El PSOE acaba de dar su apoyo a una proposición de los separatistas golpistas de Junts per Catalunya y de los grupos canarios, para modificar el Reglamento del Senado y que esta cámara se convierta en una “Torre de Babel”. En un lugar en el que todos saben hablar en español, unos elegirán hablar en otra lengua para obligar a establecer un sistema de traducción simultánea en la Cámara que nos costará a todos más de un millón de euros. Nueva bajada de pantalones del PSOE para que su líder alargue al máximo su estancia en La Moncloa. Con este apoyo, el PSOE consigue que la imagen de nuestro Senado, en vez de ser el de una Nación fuerte y unida, de apariencia de esa “plurinacionalidad” que persiguen todos los que desean lo peor para la nación española.

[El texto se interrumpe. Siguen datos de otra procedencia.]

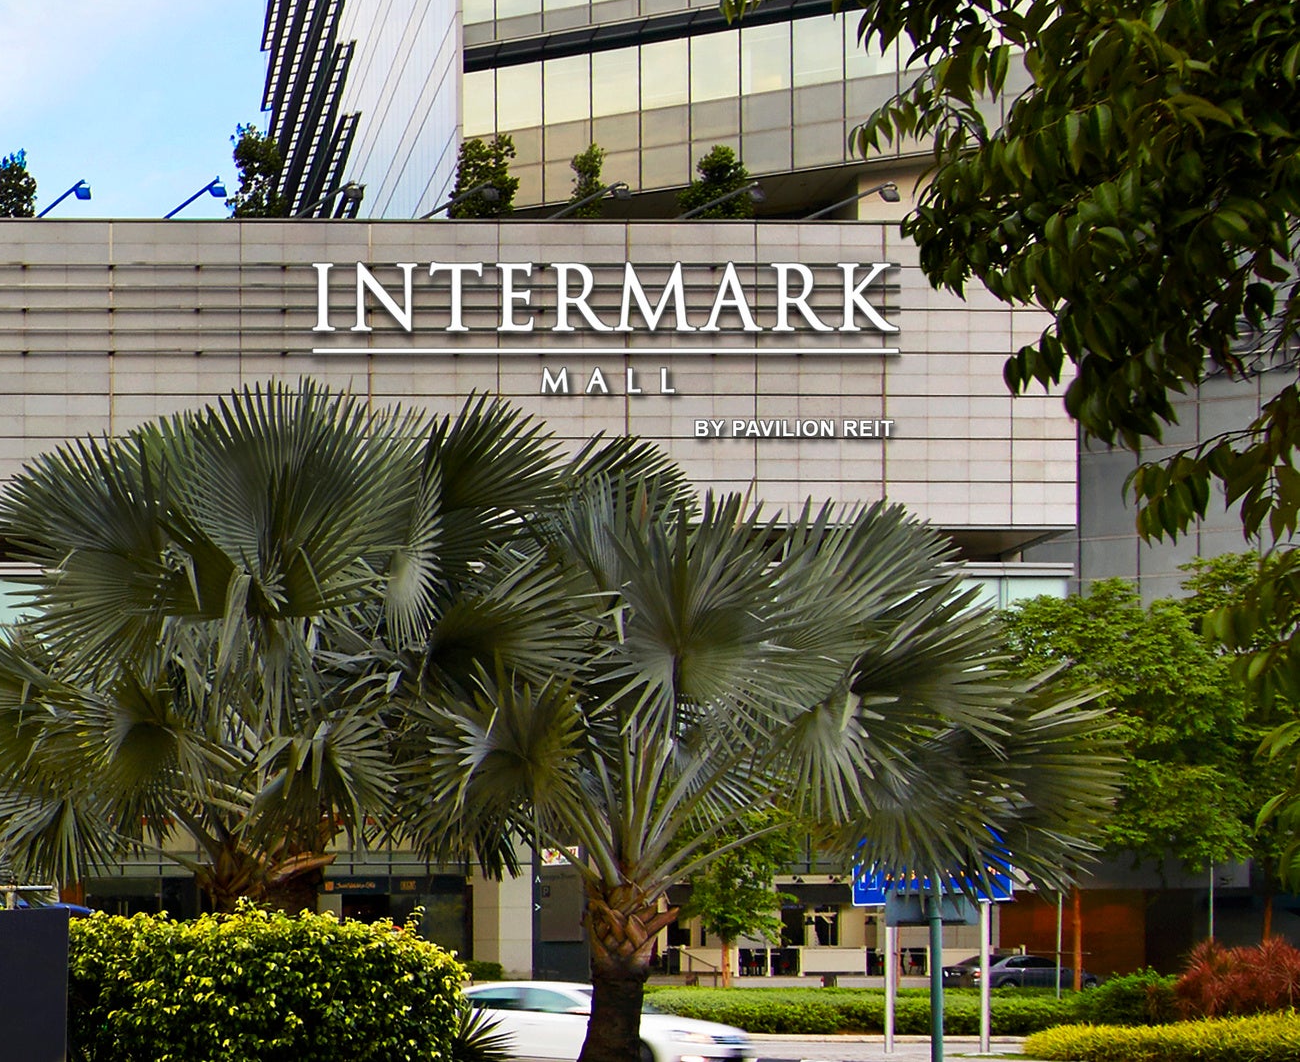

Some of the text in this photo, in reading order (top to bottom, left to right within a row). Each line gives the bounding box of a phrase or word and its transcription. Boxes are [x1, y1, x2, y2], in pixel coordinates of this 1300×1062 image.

[311, 261, 900, 333] INTERMARK
[540, 367, 676, 394] MALL
[694, 419, 895, 438] BY PAVILION REIT
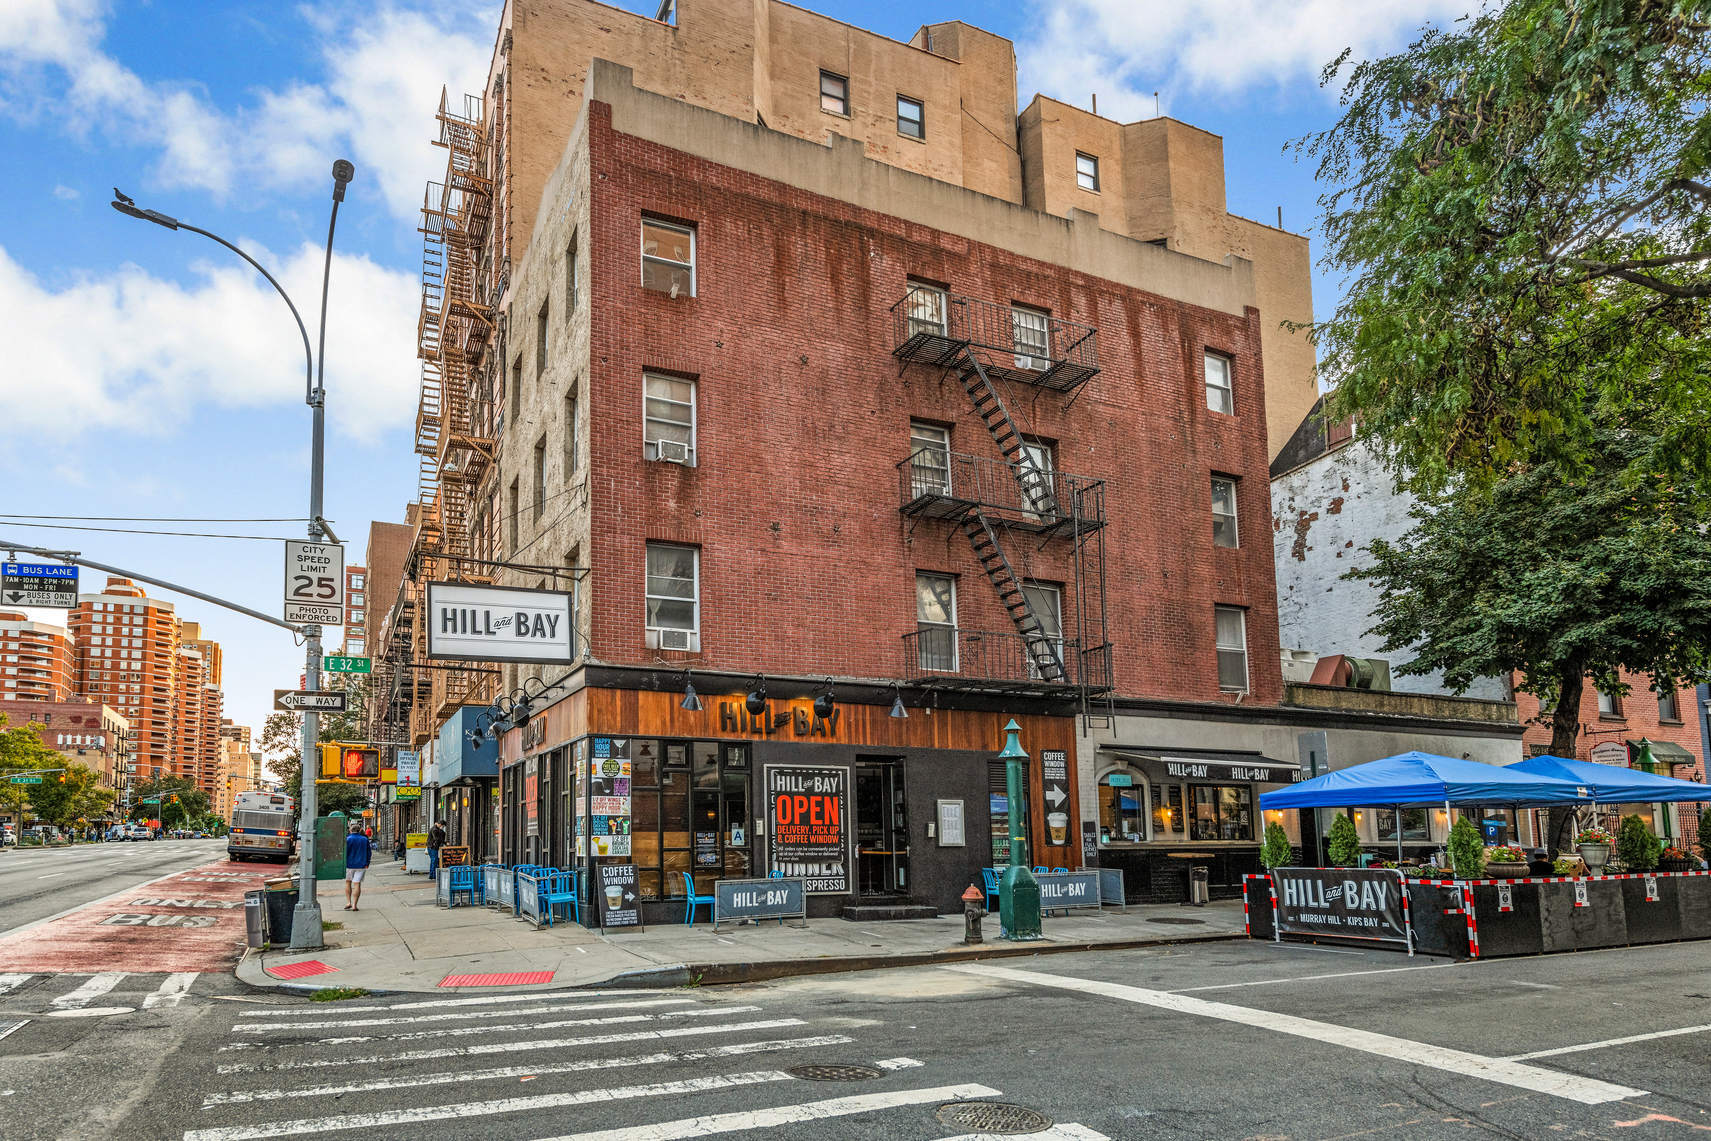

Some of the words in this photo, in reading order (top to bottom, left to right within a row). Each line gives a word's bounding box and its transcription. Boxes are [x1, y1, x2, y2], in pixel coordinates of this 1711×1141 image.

Los que dicen defender el “pluralismo lingüístico de España”, siempre han utilizado la llamada “cooficialidad” para expulsar al español mediante la inmersión forzosa, para la política de exclusión, para establecer un auténtico apartheid, si no ¿qué le pregunten a los médicos y maestros de las CCAA con lengua propia?
Los separatistas saben, que la existencia de un idioma oficial hablado por todos, es un tronco común de todos y es imprescindible para la existencia misma de una ciudadanía política basada en la igualdad.
En las raíces fundamentales del socialismo se hablaba de igualdad, pues bien, aquí en España, el PSOE asume y apoya las teorías reaccionarias de sus socios separatistas, arrastrado por un líder que es un simple saco de amoralidad.